O Brother, Where Art Thou?
An essay by the Reverend Kenneth S. Beldon
Published in the Fall, 2001 issue of
UU Voice, An Independent Journal of News and Opinion
The scene is by now familiar to me, although, even in the midst of joy, it is somewhat dispiriting. Another new member Sunday: our membership book is opened once more to receive the signatures of the new people who desire to join our liberal religious community. The names of the new members are read aloud. They come forward to the front of our sanctuary to sign their names and to receive a flower and a packet containing introductory information about our congregation. They are welcomed by both myself and representatives of the Board. After each person signs the book, they remain standing near the pulpit with the other new members. When all the names have been read, the congregation stands and reads together a covenant of welcome and affirmation to the new folks. The assembled worshippers applaud, and then, the ritual concluded, everyone takes their seats.
Glad tidings and good feelings abound on the day that we welcome newcomers to our congregation. We all partake in the excitement that comes from knowing that our faith is being shared among a greater number of souls. And yet, I can’t help feeling that there’s a pattern emerging during the several years that our new congregation has been welcoming new members: a subtle indication that our liberal religious community may not be reaching a group of people in need of the liberating message that Unitarian Universalism has to offer.

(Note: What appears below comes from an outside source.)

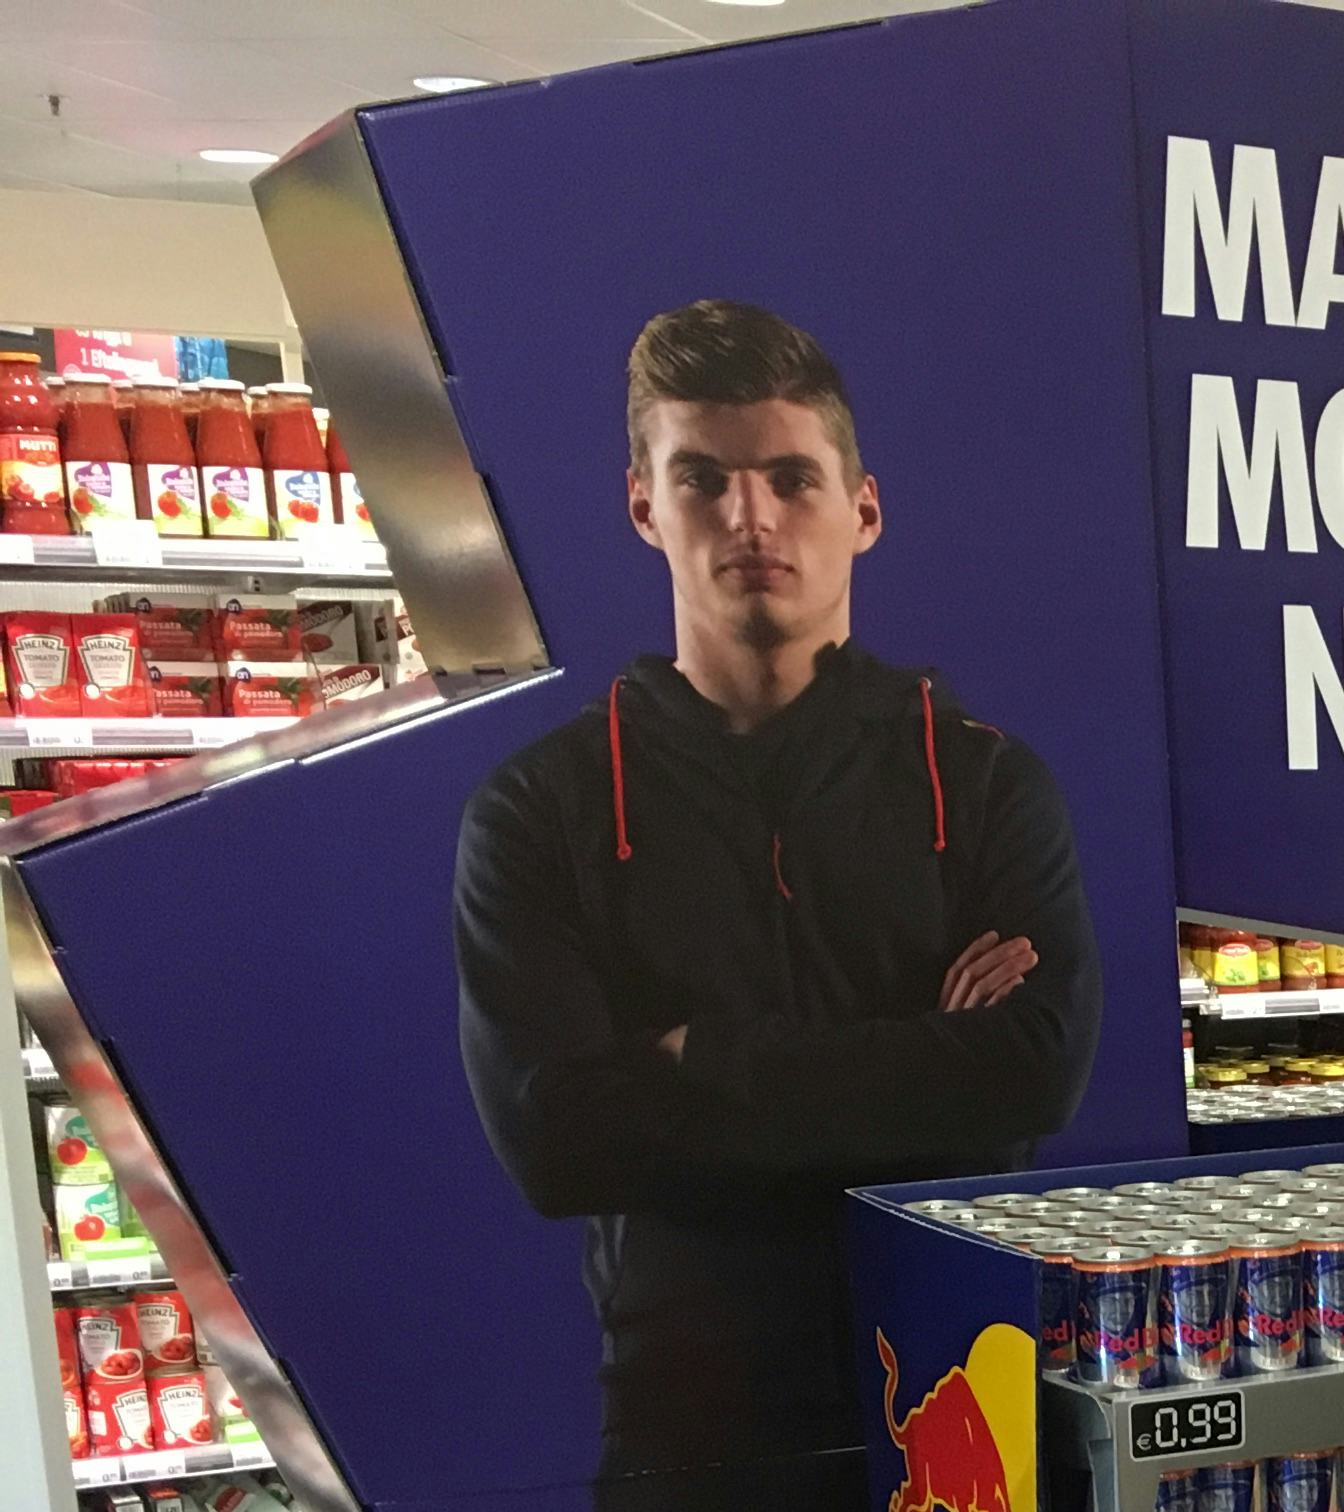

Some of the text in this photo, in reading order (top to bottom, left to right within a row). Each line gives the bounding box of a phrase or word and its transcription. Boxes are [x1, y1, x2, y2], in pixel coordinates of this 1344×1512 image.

When I look at our membership roster, when I try and track attendance and participation in our congregation, I arrive at this question: Where, I wonder, are all the men?
The relative scarcity of men in my congregation is evident not only on Sunday morning.
It can be perceived when our committees gather, when religious education classes meet, when social events bring us together simply for the sake of shared time.
When I examined the visitor’s book for the last six months, women outnumbered men by a substantial margin. The concern for gender equity is preeminent when our nominating committee considers names for Board positions: are there enough men willing to serve so that there might be equal numbers of male and female?
Such issues are not limited to my congregation alone.
A panel discussion at the General Assembly just passed in
Cleveland wondered aloud about the status of men within our religious movement by asking the question, "Is There a Future for Men in Unitarian Universalism
?" It was reported that nearly two thirds of new members in many of our congregations are women, and that congregations are often hard pressed in finding men to serve in positions of leadership.
We also know that a clear majority of the people now informational and seminary training for the ministry are women.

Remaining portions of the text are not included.